In deze zaak heeft het gerechtshof 's-Hertogenbosch op 31 juli 2023 uitspraak gedaan in hoger beroep tegen een vonnis van de politierechter in de rechtbank Zeeland-West-Brabant. De verdachte was eerder veroordeeld voor feitelijke aanranding van de eerbaarheid, mishandeling en eenvoudige belediging van een ambtenaar. De politierechter had een gevangenisstraf van 32 dagen opgelegd, waarvan 30 dagen voorwaardelijk met een proeftijd van twee jaren, en bijzondere voorwaarden zoals een meldplicht en deelname aan een gedragsinterventie. De verdachte heeft hoger beroep ingesteld tegen deze veroordeling.
Tijdens de zitting in hoger beroep heeft de advocaat-generaal gevorderd om het vonnis van de politierechter te bevestigen, met uitzondering van de beslissing op de vordering tot tenuitvoerlegging van eerder opgelegde straffen. De verdediging heeft vrijspraak bepleit voor de feitelijke aanranding, maar geen verweer gevoerd tegen de andere feiten. Het hof heeft de verklaringen van de aangeefster en getuigen in overweging genomen en is tot de conclusie gekomen dat de verdachte de bil van de aangeefster heeft aangeraakt en geknepen, wat als ontuchtige handeling is gekwalificeerd.

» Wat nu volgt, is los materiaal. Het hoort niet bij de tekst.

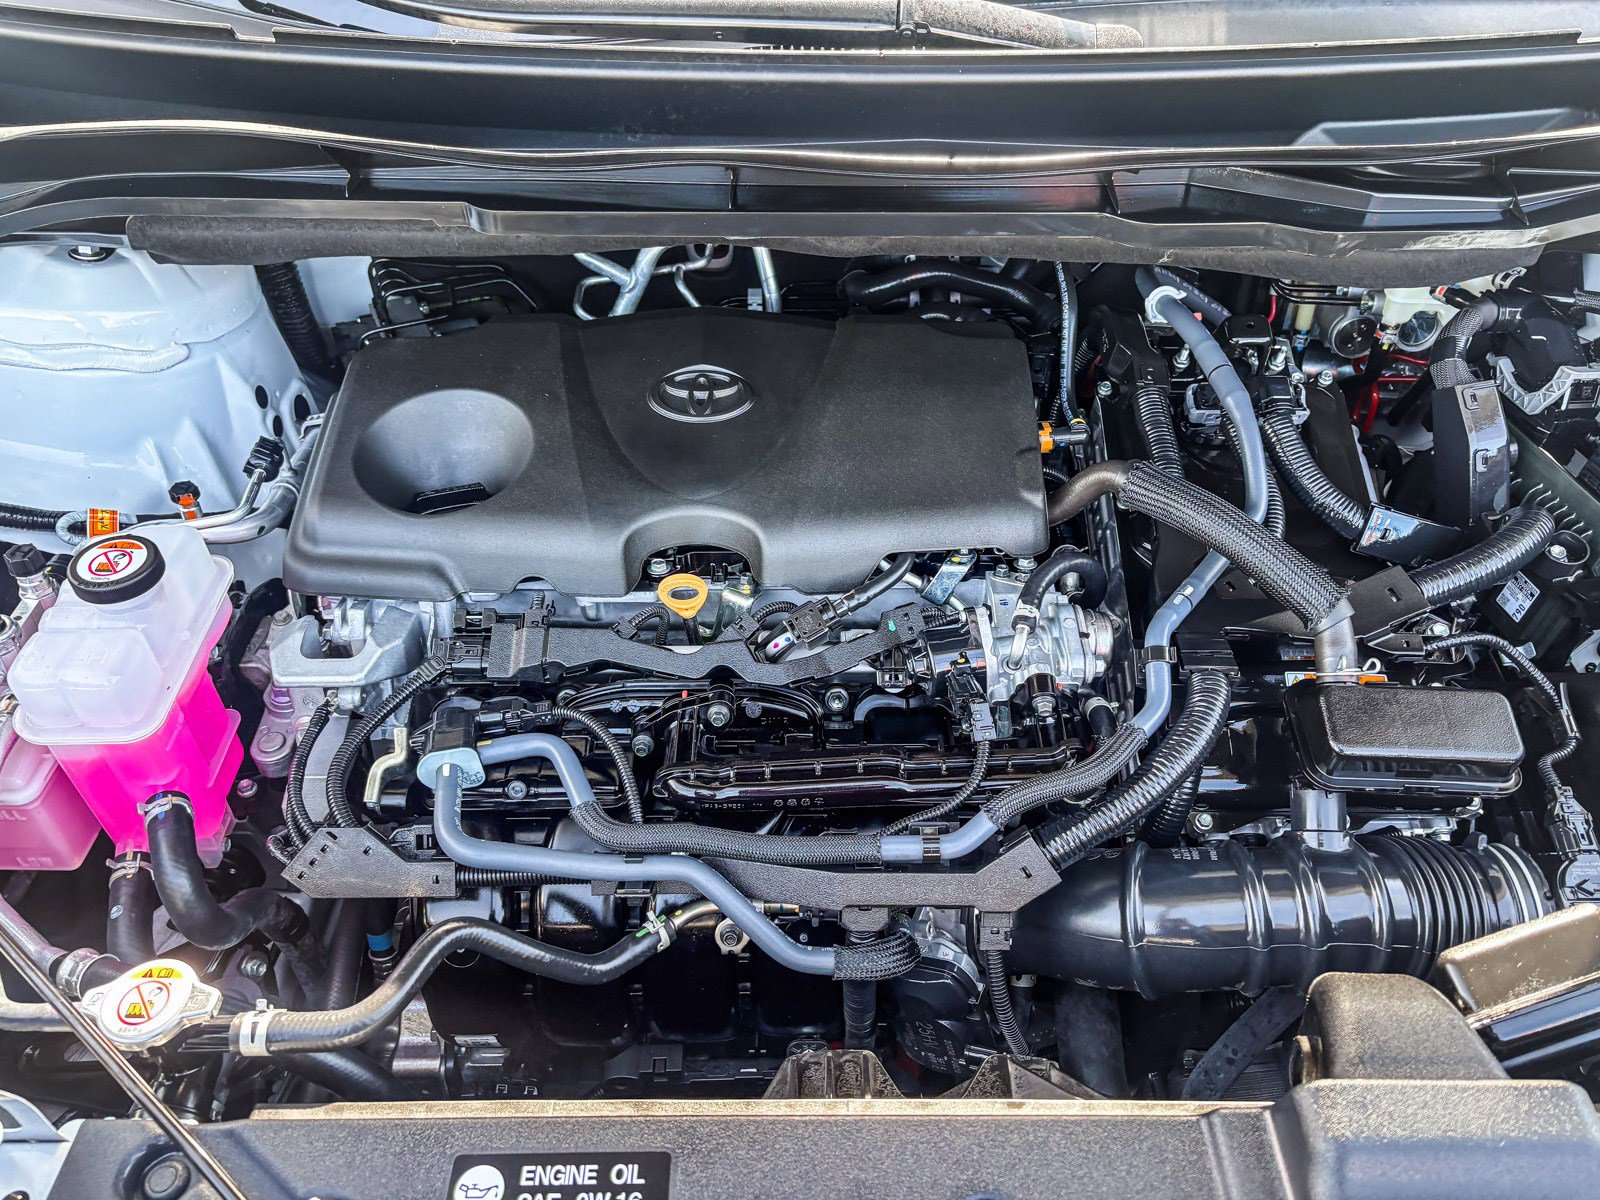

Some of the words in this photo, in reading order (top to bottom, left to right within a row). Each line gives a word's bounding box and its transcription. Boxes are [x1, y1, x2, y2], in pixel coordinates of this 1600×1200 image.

Het hof heeft de vordering tot tenuitvoerlegging van de eerder opgelegde straffen toegewezen, omdat de verdachte zich voor het einde van de proeftijd aan een strafbaar feit heeft schuldig gemaakt. Het hof heeft het vonnis van de politierechter vernietigd, maar het overige van het vonnis bevestigd. De uitspraak benadrukt de ernst van de gepleegde feiten en de noodzaak van de opgelegde straffen en voorwaarden.